11. De facto, sublinhando que estamos, neste caso, perante um crime contra as pessoas, para acentuar a sua conclusão de que deve haver um sinal de
«privatização pessoal», que terá de ser sempre «um obstáculo de natureza física», que justifique a incriminação, o AcRE raciocina ao contrário, visto que
é precisamente a natureza predominantemente pessoal do crime que exige a protecção acrescida de a incriminação dever bastar-se com a violação de uma vedação simplesmente jurídica e não grosseiramente física.
12. Existindo, pois, os dois crimes denunciados pelo Rec., tinha ele toda a legitimidade para os participar ao M.P., como fez. Ainda que, porém, se aceitasse a conclusão do AcRE de que só haveria um crime de dano simples, o Rec. continuaria a ter legitimidade para apresentar queixa, visto que:
a. É sócio de capital maioritário da sociedade arrendatária, como se prova pelo documento junto e como era de resto notório e conhecido de todos os intervenientes, razão por que, provavelmente, ninguém se lembrou de levantar tal problema antes.
b. O proprietário, tal como o arrendatário, possui aquela legitimidade.
13. É que, ao arrendar, o dono do prédio aliena parte do seu direito de propriedade (uso e fruição), mas mantém outra parte (disposição), pelo que mantém sempre uma relação efectiva (e afectiva) com o prédio.
14. No art. 177º do CP/82, protege-se, não apenas a «vida privada», mas também outros valores, como o de se opor a ilegítimas intromissões de estranhos, e não pode haver dúvidas de que este interesse ou direito é partilhado pelo arrendatário e pelo senhorio, já que este mantém com o prédio relações que o justificam.
15. No caso do crime de dano, a legitimidade do proprietário parece impor-se por maioria de razão, já que as acções danosas atingiram bens materiais que lhe pertenciam e pertencem, embora arrendados, como as duas árvores e o cobertor vegetal destruídos e o solo removido e alterado.
16. Dizer que, em tais casos, não existe legitimidade do proprietário para apresentar queixa equivale ao absurdo de admitir que ele deve passivamente aceitar o desinteresse, a negligência, mesmo a ausência ou a má-fé do arrendatário que não apresente queixa ou não o faça a tempo, enquanto ele assiste impassível à danificação ou destruição da sua propriedade.
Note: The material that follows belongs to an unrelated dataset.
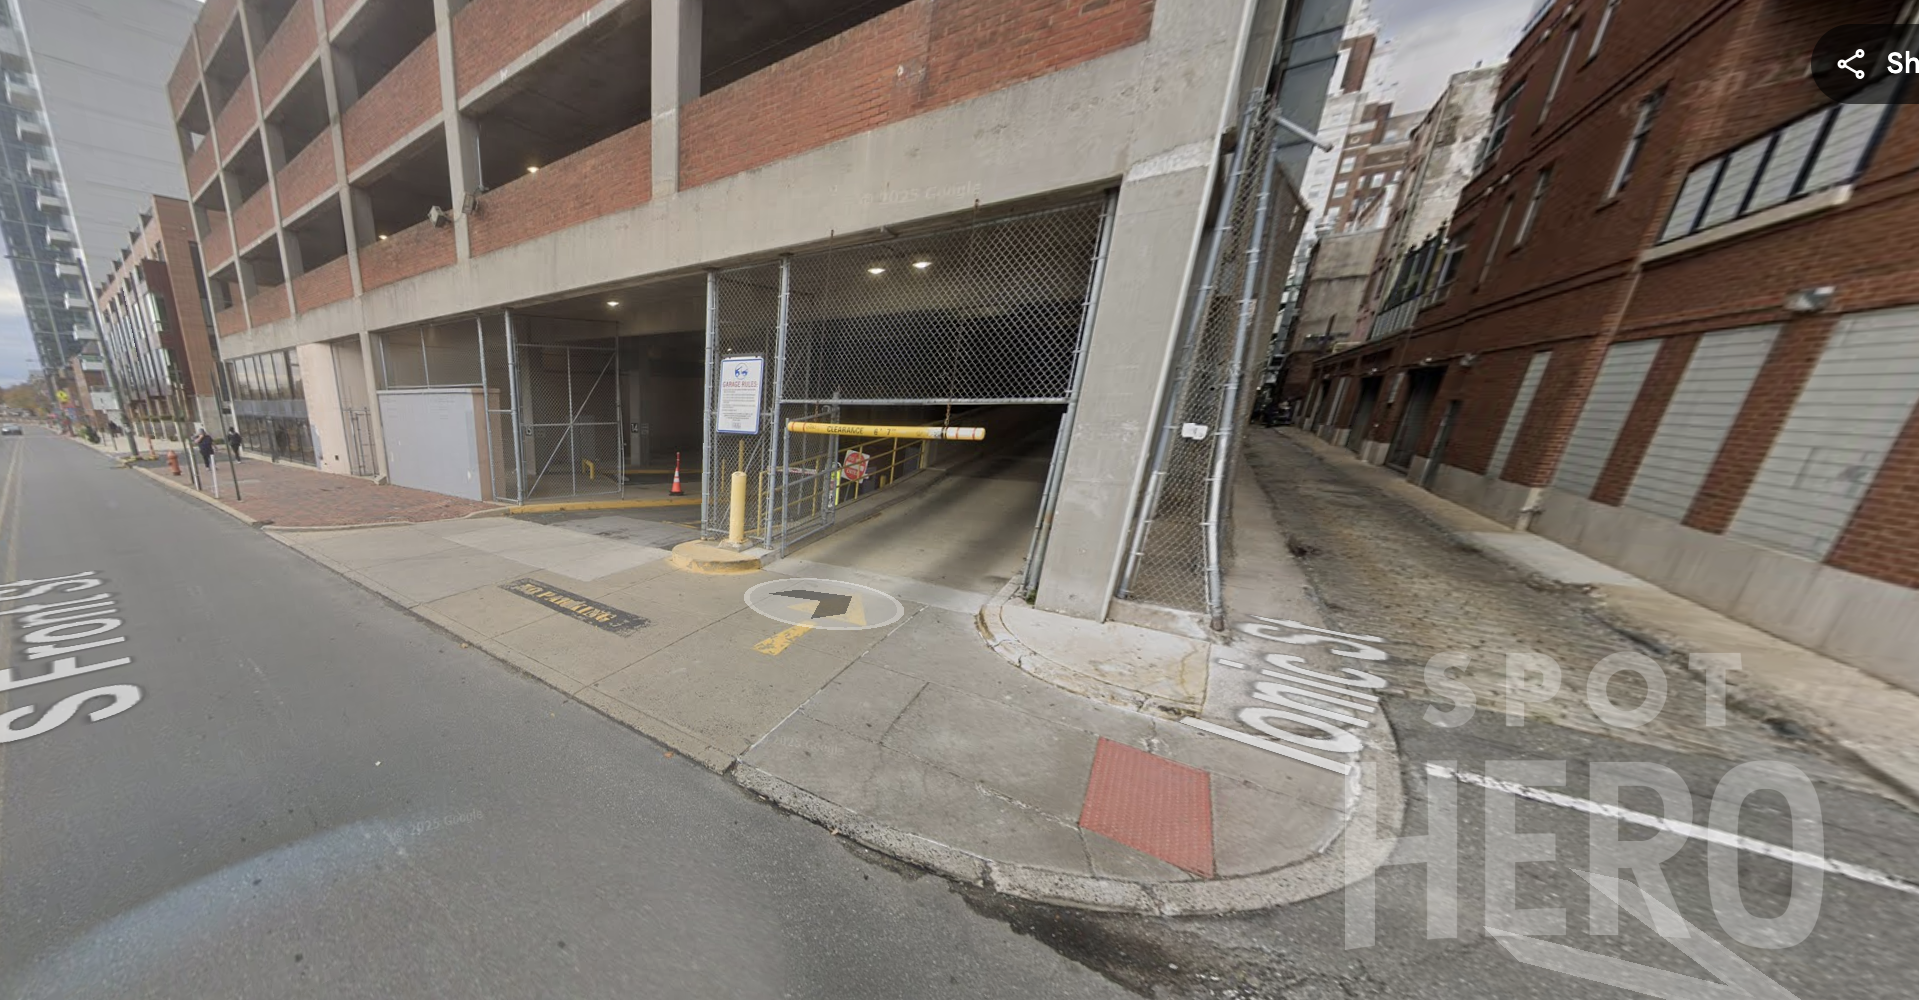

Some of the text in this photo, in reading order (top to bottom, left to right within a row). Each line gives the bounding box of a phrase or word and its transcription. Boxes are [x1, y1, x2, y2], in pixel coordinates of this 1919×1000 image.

17. Ao decidir que, pelo menos no crime de dano, o proprietário não tinha legitimidade para apresentar queixa contra os respectivos autores, o AcRE interpreta o art. 111º/1, do CP/82, e o art. 68º/1/a., do CPP, de um modo que viola os seus direitos de acesso aos tribunais e de defesa da propriedade privada, constitucionalmente garantidos, nos artigos 20º, nº 1, e 62º, nº 1' (a fls. 456 a 459 dos autos).
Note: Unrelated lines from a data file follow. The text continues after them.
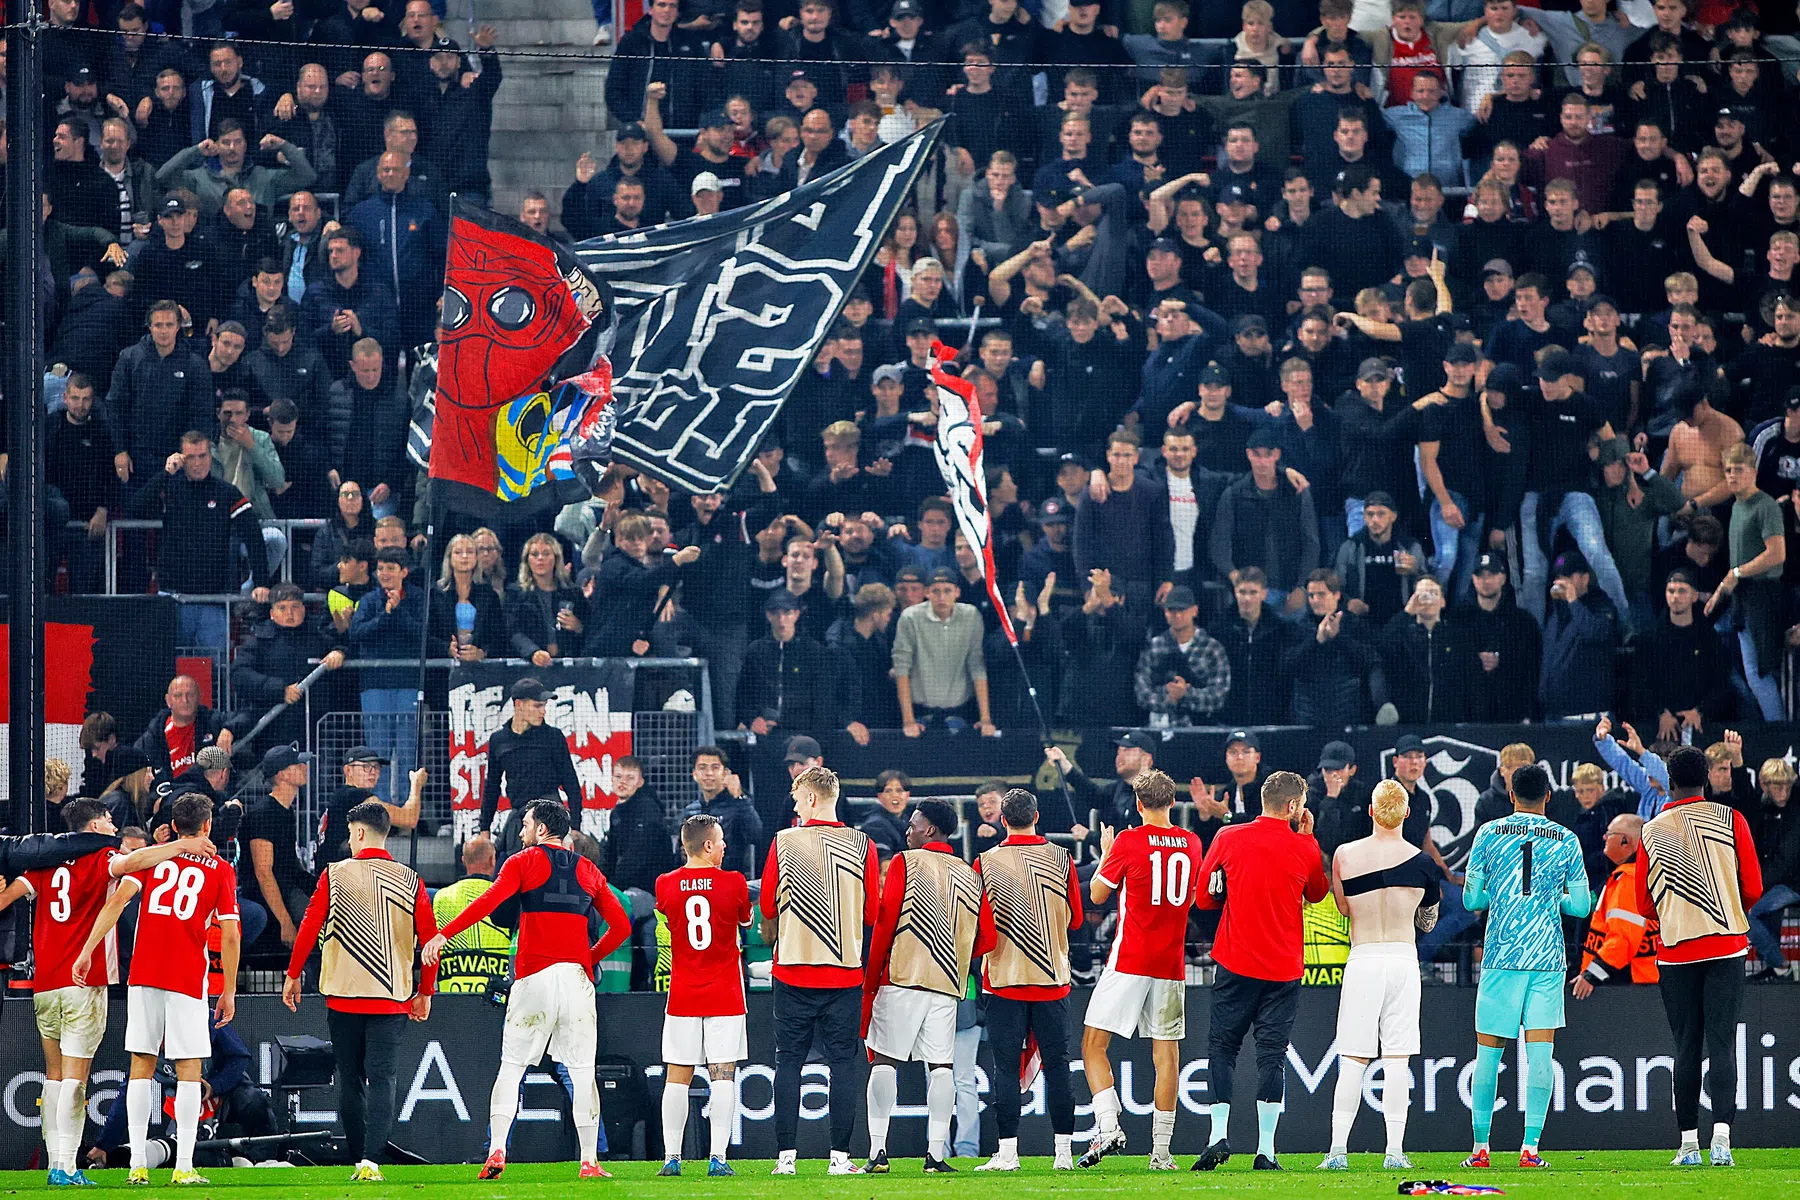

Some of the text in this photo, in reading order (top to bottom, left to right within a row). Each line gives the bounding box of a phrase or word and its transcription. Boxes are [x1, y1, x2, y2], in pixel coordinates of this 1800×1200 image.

[1148, 834, 1188, 848] MIJNANS
[1495, 824, 1564, 842] OWUSU-ODURO
[50, 866, 72, 923] 3
[148, 860, 205, 921] 28
[680, 878, 713, 892] CLASIE
[1149, 850, 1191, 907] 10
[1520, 841, 1533, 896] 1
[685, 894, 712, 951] 8
O Ministério Público, por seu turno, propugnou pela improcedência do recurso, concluindo do seguinte modo as suas alegações:
'
1º
O artigo 20º, nº 1, da Constituição não garante um específico direito de acesso aos tribunais comuns em matéria criminal, mas, tão-só, um direito genérico de acesso à via judiciária.
2º
Assim, não viola aquele preceito constitucional a interpretação, feita na decisão recorrida, do artigo 111º, nº 1, do Código Penal, no sentido de que o proprietário, no crime de dano do artigo 308º, do mesmo Código, não é ofendido, e, portanto, não tem legitimidade para apresentar queixa.
3º
Podendo aquele proprietário recorrer aos tribunais competentes em matéria cível para defesa dos seus direitos e interesses legítimos, tal interpretação também não enferma de inconstitucionalidade por ofensa do artigo 62º, nº 1, da Constituição' (a fls. 476-477 dos autos).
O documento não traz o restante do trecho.